Greek-American Stories: Many Happy Returns to Areti

The guys were gathered around the table in Dixon’s with their usual coffee and donuts in the center when George informed them that Areti’s birthday was coming up. “Wonder how Yiannis will get away with getting her nothing, again,” his face in a frown.

“Yeah!” Dimos lifted his head in recollection. “Last year he came to the diner and ordered a cake from the display counter. That way he didn’t have to buy one from a bakery. I remember at her birthday, watching him. He ate most of it.” George laughing said, “I remember he told his daughter, Barbara, to get her mother the slippers she asked him to get for her. Areti thanked him for remembering that that was what she wanted.”

John, not finding the humor in it, told them, “that’s not so bad! Last year, Yiannis came into the florist and selected a bouquet of flowers, saying they’re for Areti. He put together the most expensive flowers and asked me to wrap it in the paper I use for special occasions.” Kipreos, smiling, said, “How nice of him! I bet Areti was very pleased.” John, still not amused, said, “he admired them and then said, ‘Ah, John, you always do a nice job. Areti will be so happy to receive these; especially, when she hears they’re from you.”

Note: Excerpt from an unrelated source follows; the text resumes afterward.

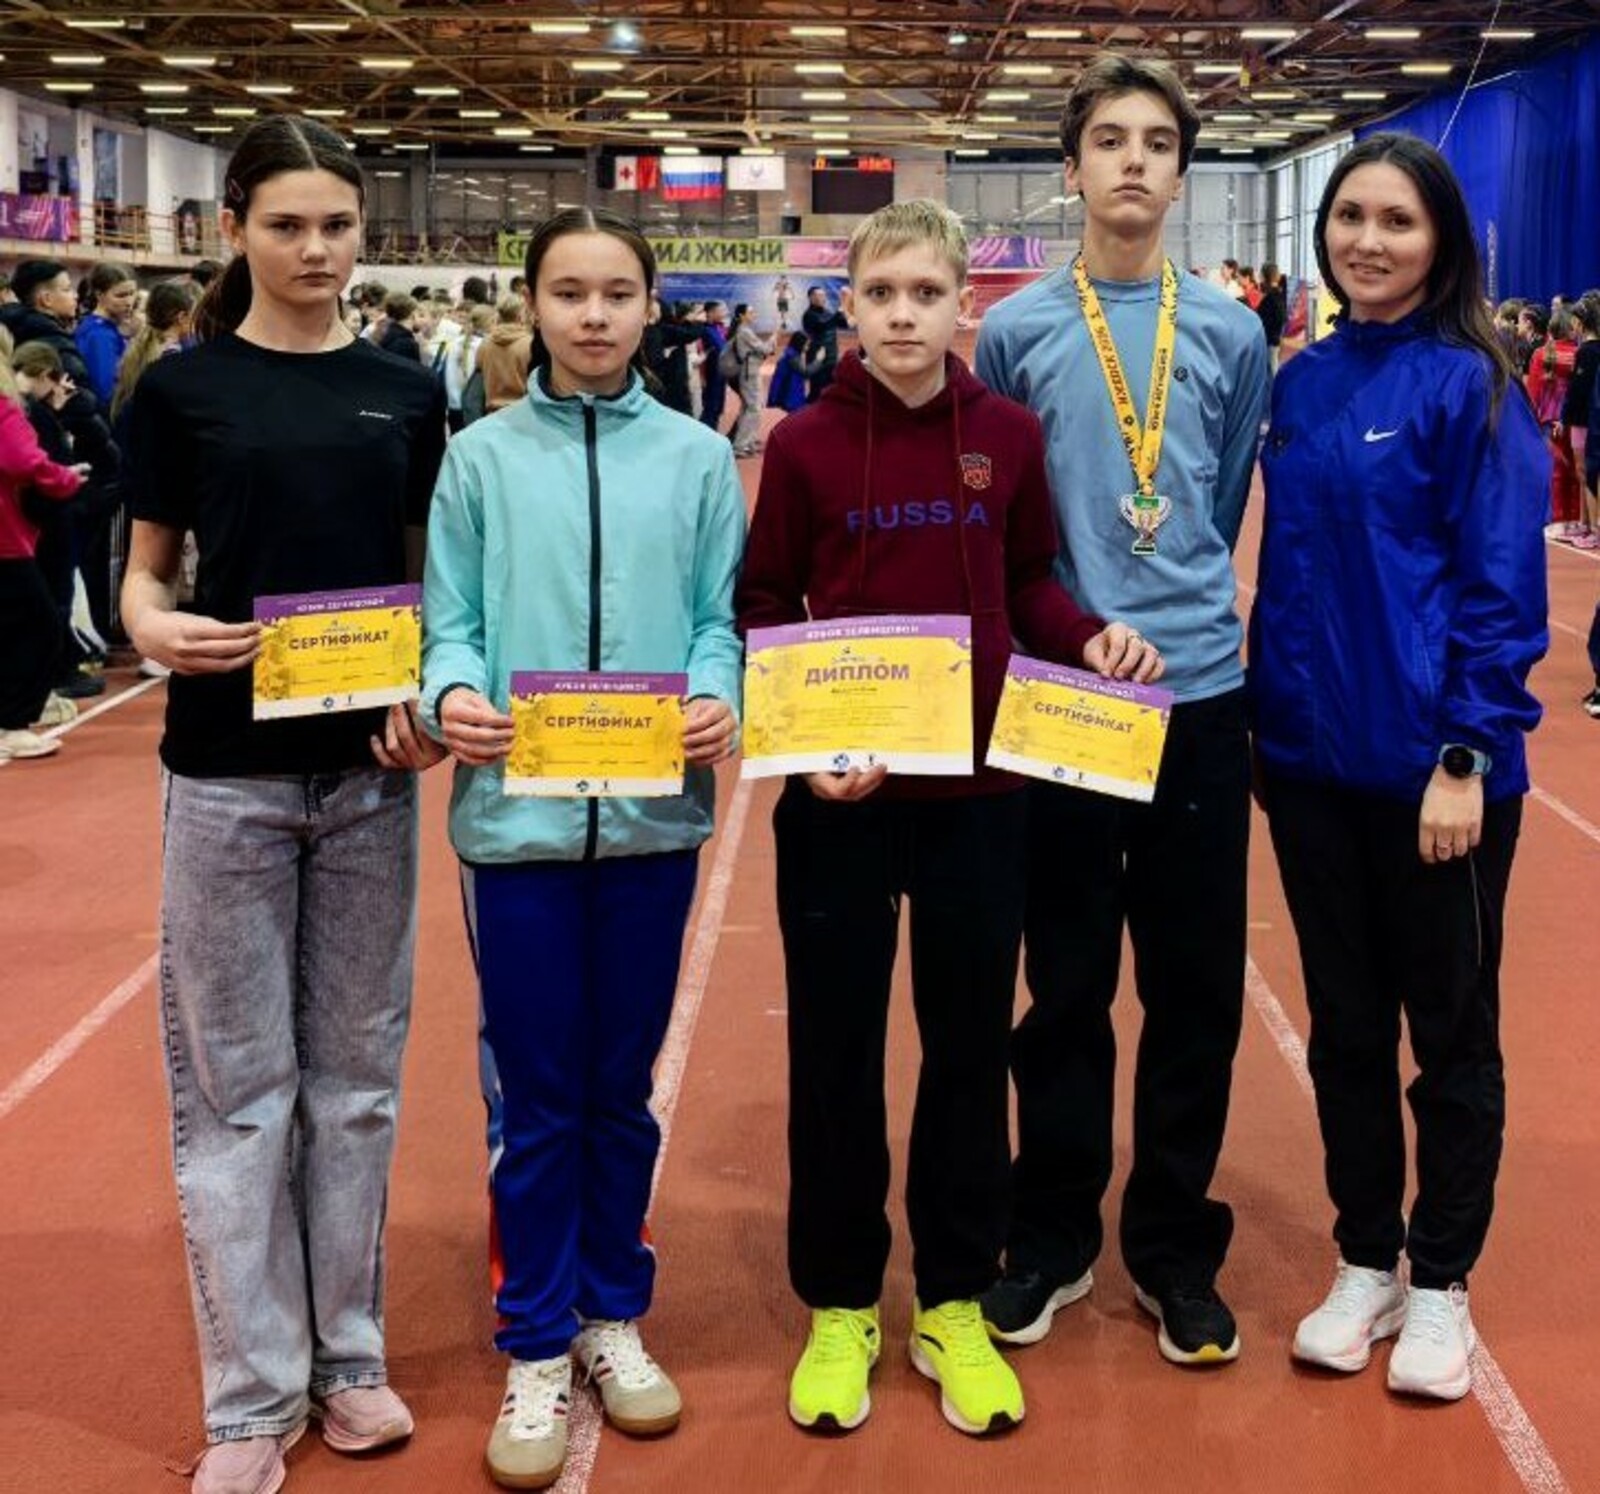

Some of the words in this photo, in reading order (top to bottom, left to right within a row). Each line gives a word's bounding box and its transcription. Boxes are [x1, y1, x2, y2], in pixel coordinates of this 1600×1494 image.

They all looked up. “You mean, he didn’t pay for them?” John shook his head, setting down his coffee cup, noisily. “Pay for them! He wanted me to have them delivered, too! I had to pay the delivery man his cut and tip, too.” Appalled, they all agreed that Yiannis had crossed the line. “He’s gotten away with too much, I think.” Shaking his head, Dimos said, “at our expense!”  “We’ve got to do something to teach him a good lesson,” George insisted, adding, “if that’s possible!”

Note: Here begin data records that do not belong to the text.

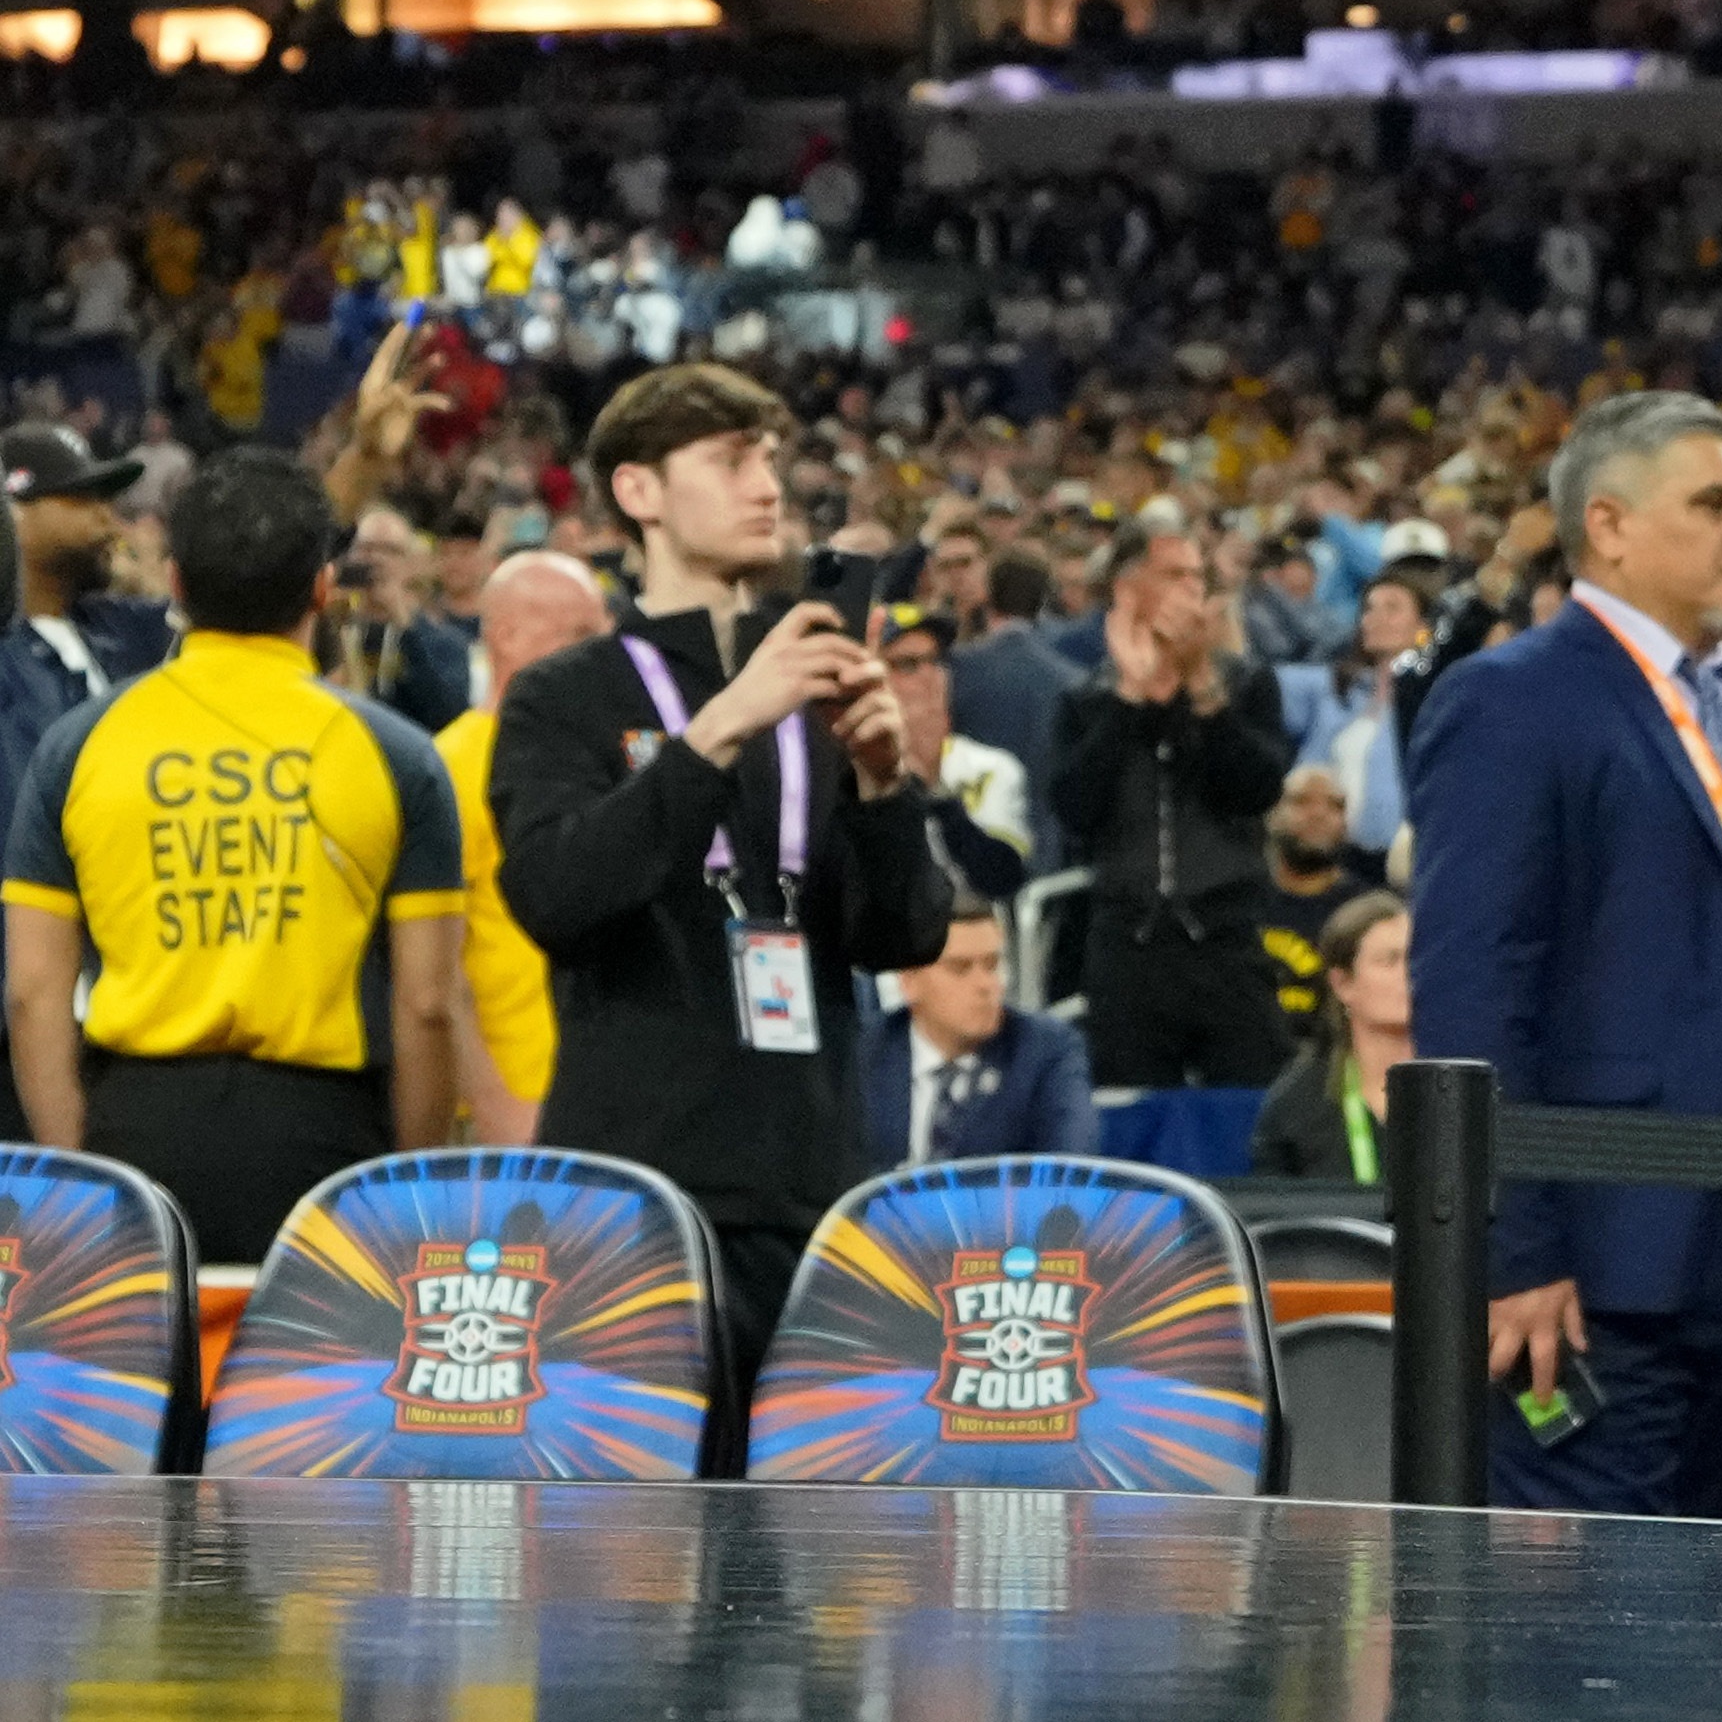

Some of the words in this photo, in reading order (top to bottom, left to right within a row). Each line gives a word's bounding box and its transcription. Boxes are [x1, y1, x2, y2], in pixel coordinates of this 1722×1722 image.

[147, 748, 312, 808] CSC
[150, 814, 312, 880] EVENT
[156, 884, 305, 951] STAFF
[417, 1275, 534, 1319] FINAL
[954, 1281, 1074, 1323] FINAL
[407, 1357, 522, 1402] FOUR
[951, 1366, 1070, 1409] FOUR
[405, 1405, 518, 1425] INDIANAPOLIS
[951, 1414, 1064, 1432] INDIANAPOLIS

Agreeing, their brains went to work trying to think of ways to make Yiannis aware of his stinginess and lack of propriety. Just then Yiannis entered and, getting his coffee, sat down among them. “Greetings, my very good friends.” he said, cheerfully. The others greeted him with less enthusiasm. Sensing a certain lack of sociality, he chose to, instead, reach out for his usual donut and drink his coffee, saying nothing. Then, Kipreos piped up, “isn’t Areti’s birthday coming up soon, Yiannis? I’ll bet that’s something she’s looking forward to, right?” 

Nodding solemnly, Yiannis paused, looking around. “I don’t know! Yesterday, she looked so sad. She said, she’s getting older and it won’t be long before people start forgetting that she exists. She remembers, fondly, last year’s flowers from John. It brought tears to her eyes. You can’t know her joy, John. In her prayers, she always mentions you.” Turning, he told Dimos, “and, the cake from your diner! It’s one of her favorite memories, she always says. The photograph of it is still on her night stand.” He drank his coffee as if savoring bitter herbs. “Yes, she says having such good people in her life made all the difference in the world. But…” They turned to face him. “But, what?” asked Dimos.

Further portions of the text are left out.